#### ABOUT THIS TASK
Each line from the one containing "Some of the words" to the last line of the listing below must be reproduced exactly, and nothing more.

*** Opening DATA PROVIDED ***

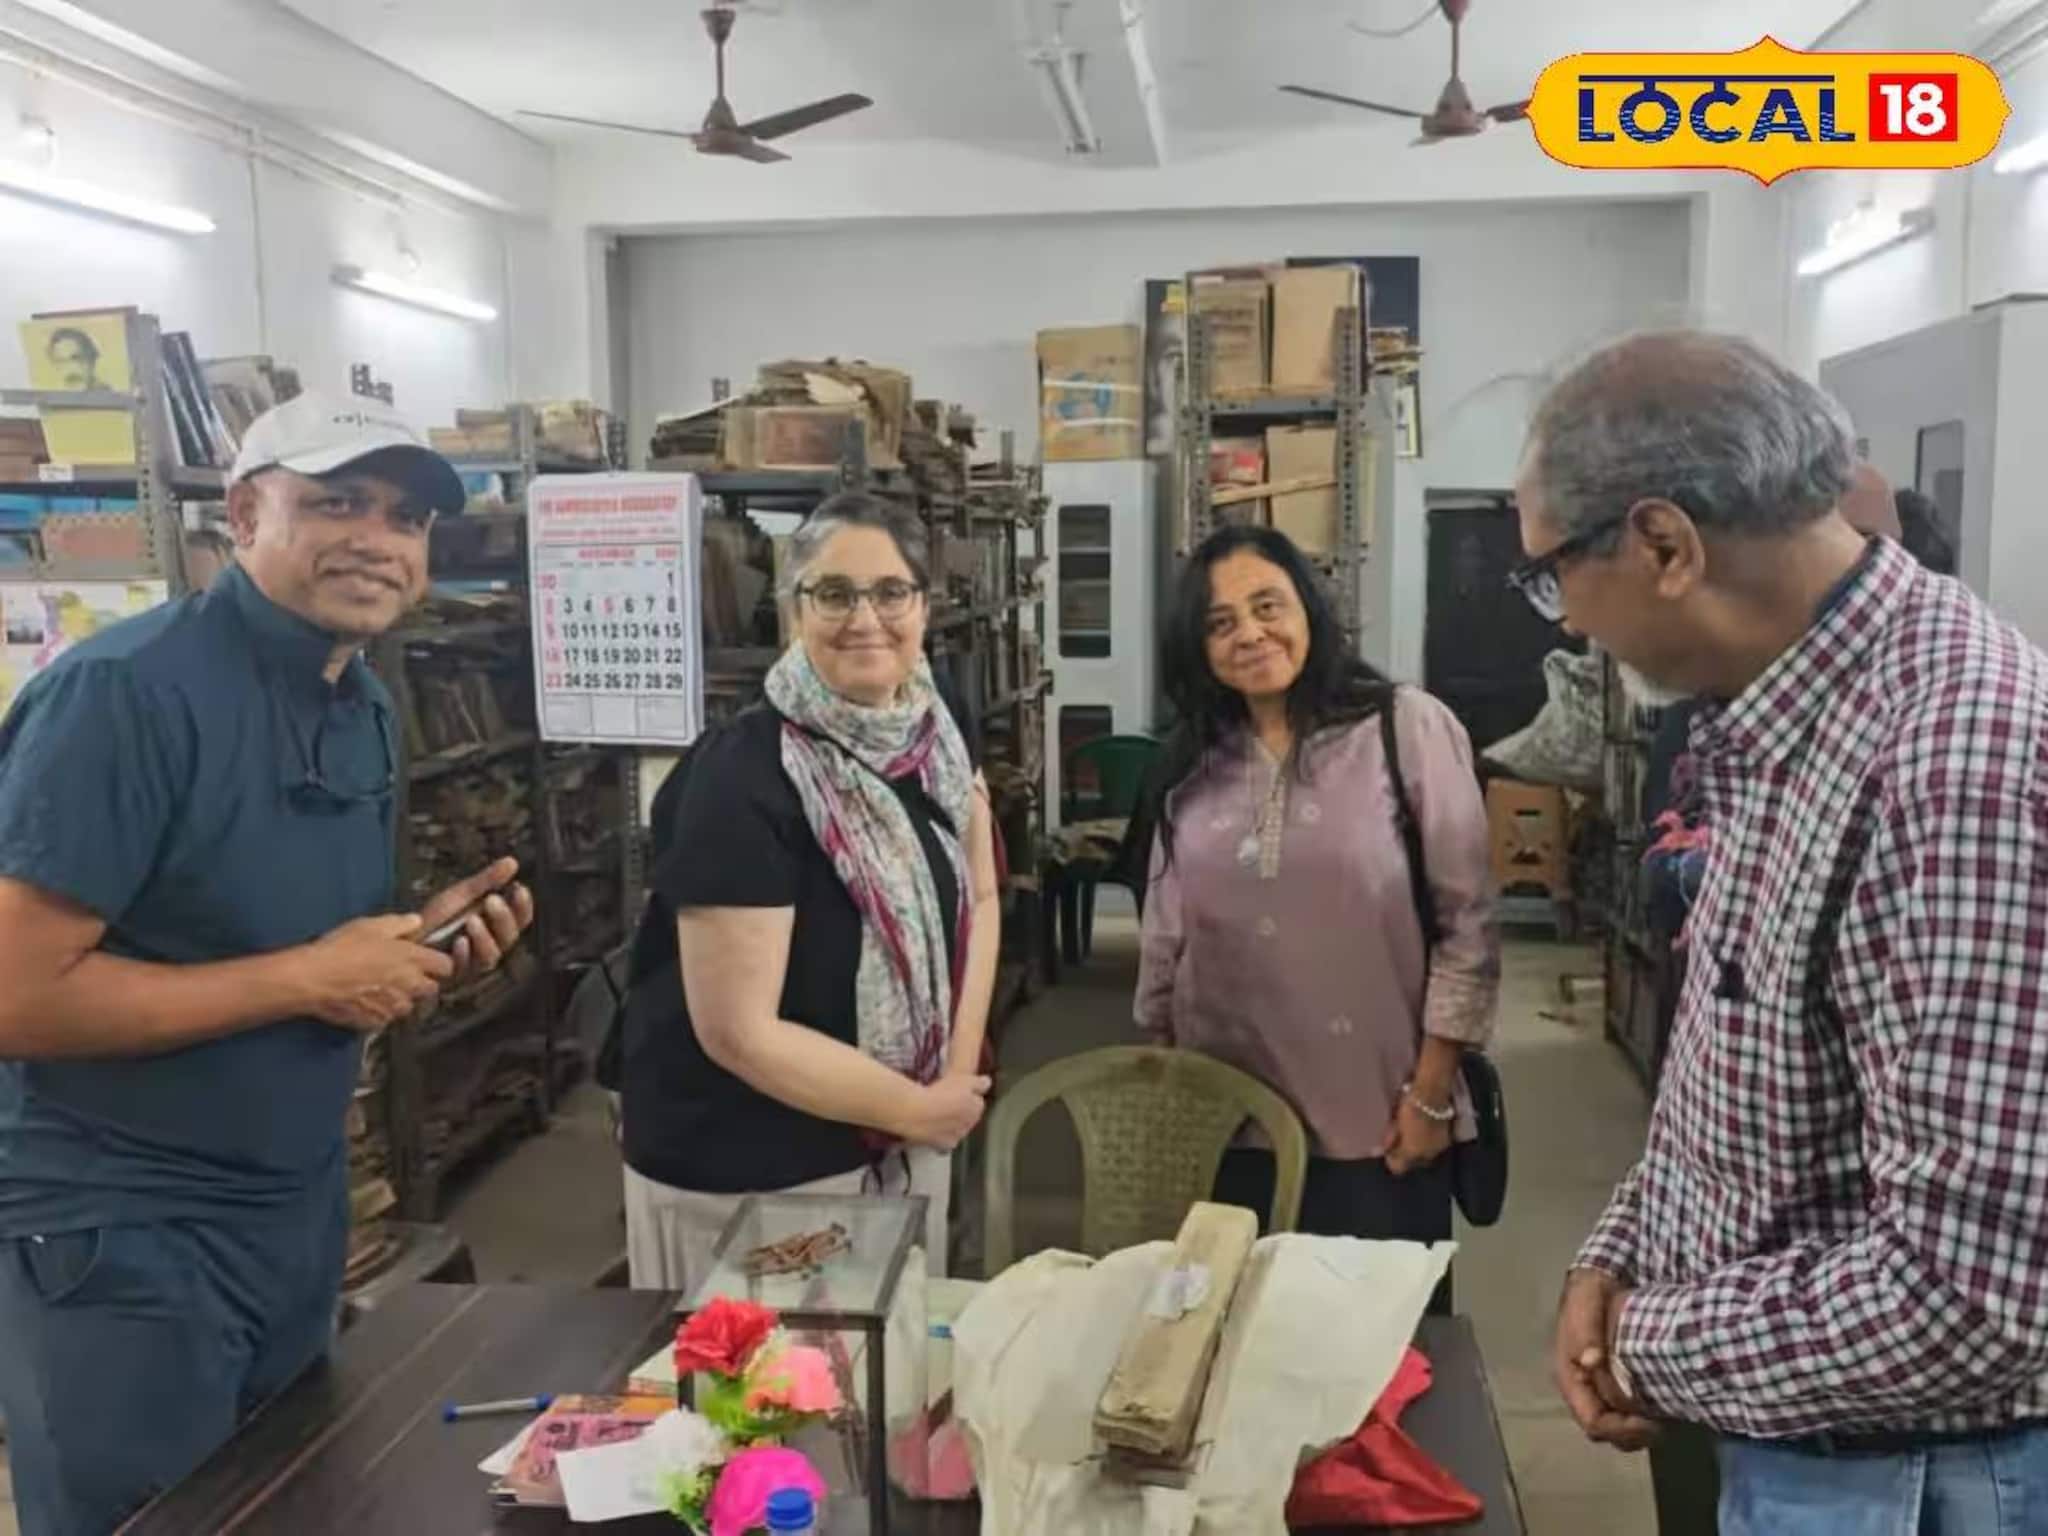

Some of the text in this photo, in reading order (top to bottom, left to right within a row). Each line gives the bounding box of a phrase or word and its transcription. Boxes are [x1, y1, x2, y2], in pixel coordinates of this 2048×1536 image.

[563, 623, 578, 638] 10
[582, 623, 597, 638] 11
[602, 623, 618, 639] 12
[623, 623, 639, 638] 13
[643, 622, 660, 638] 14
[665, 622, 681, 638] 15
[564, 648, 579, 664] 17
[603, 648, 620, 663] 19
[624, 648, 641, 663] 20
[645, 648, 659, 663] 21
[665, 648, 682, 664] 22
[564, 673, 580, 688] 24
[584, 673, 600, 689] 25
[604, 673, 621, 689] 26
[625, 673, 640, 689] 27
[645, 673, 662, 689] 28
[665, 673, 683, 689] 29
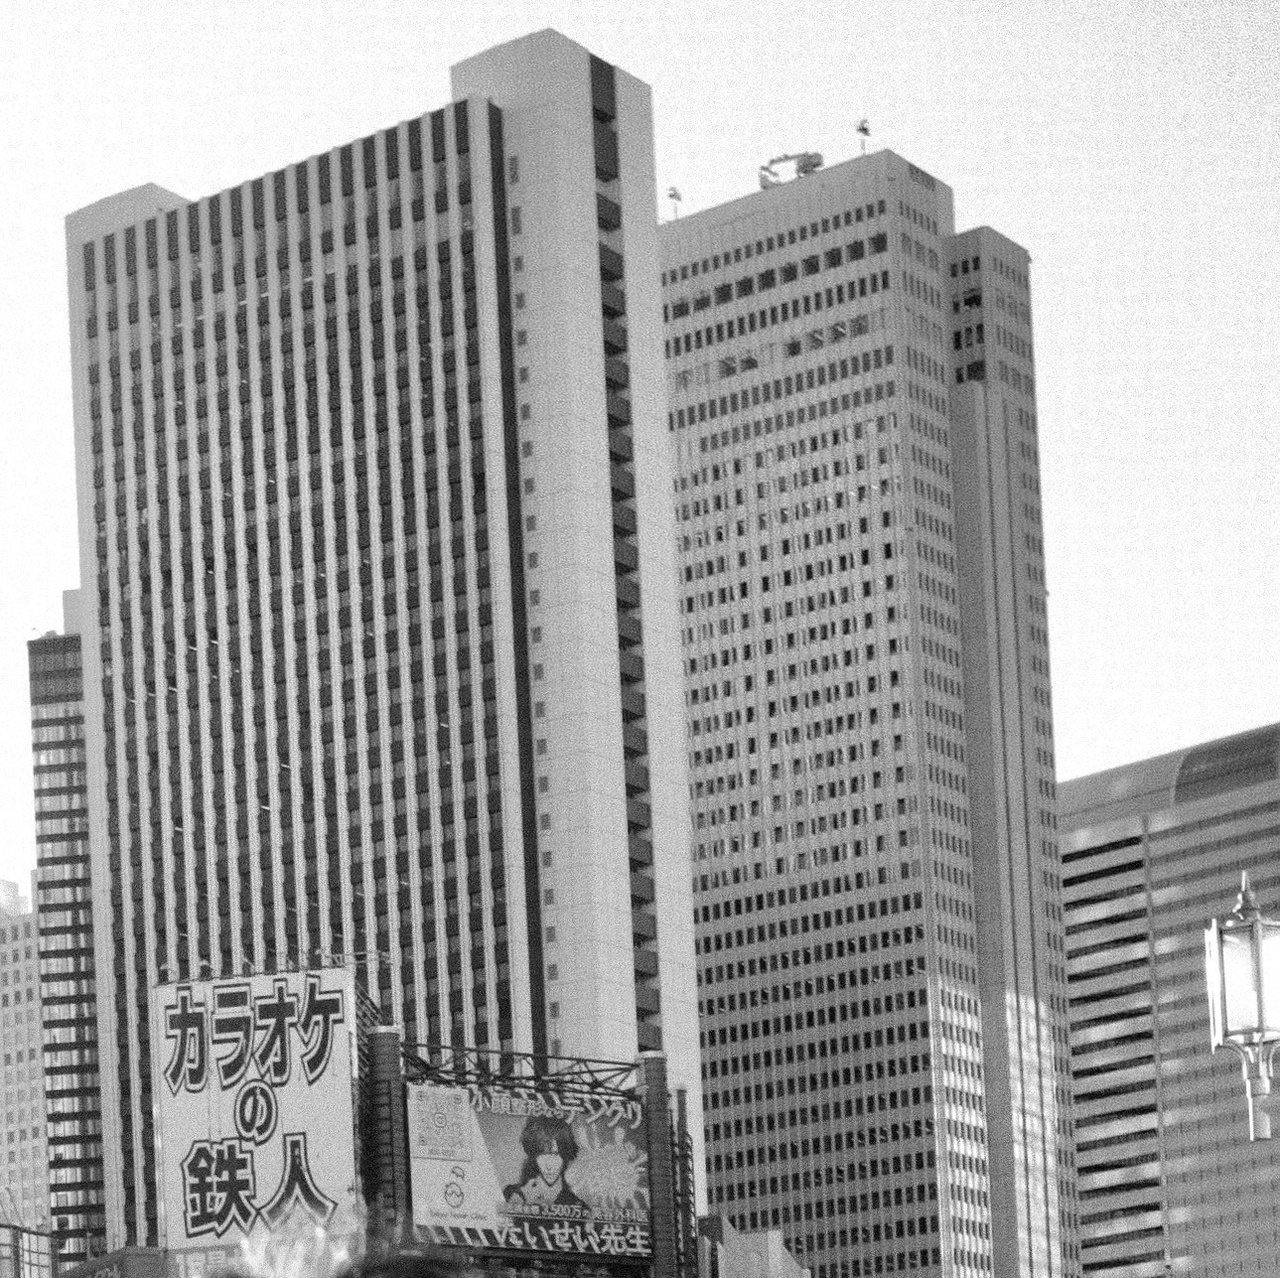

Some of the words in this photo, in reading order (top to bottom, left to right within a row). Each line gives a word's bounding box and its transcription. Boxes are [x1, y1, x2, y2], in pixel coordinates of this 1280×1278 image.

[164, 975, 344, 1094] カラオケ
[235, 1078, 277, 1143] の
[181, 1132, 337, 1238] 鉄人

*** Closing DATA PROVIDED ***

#### REPLY
Some of the words in this photo, in reading order (top to bottom, left to right within a row). Each line gives a word's bounding box and its transcription. Boxes are [x1, y1, x2, y2], in pixel coordinates of this 1280×1278 image.

[164, 975, 344, 1094] カラオケ
[235, 1078, 277, 1143] の
[181, 1132, 337, 1238] 鉄人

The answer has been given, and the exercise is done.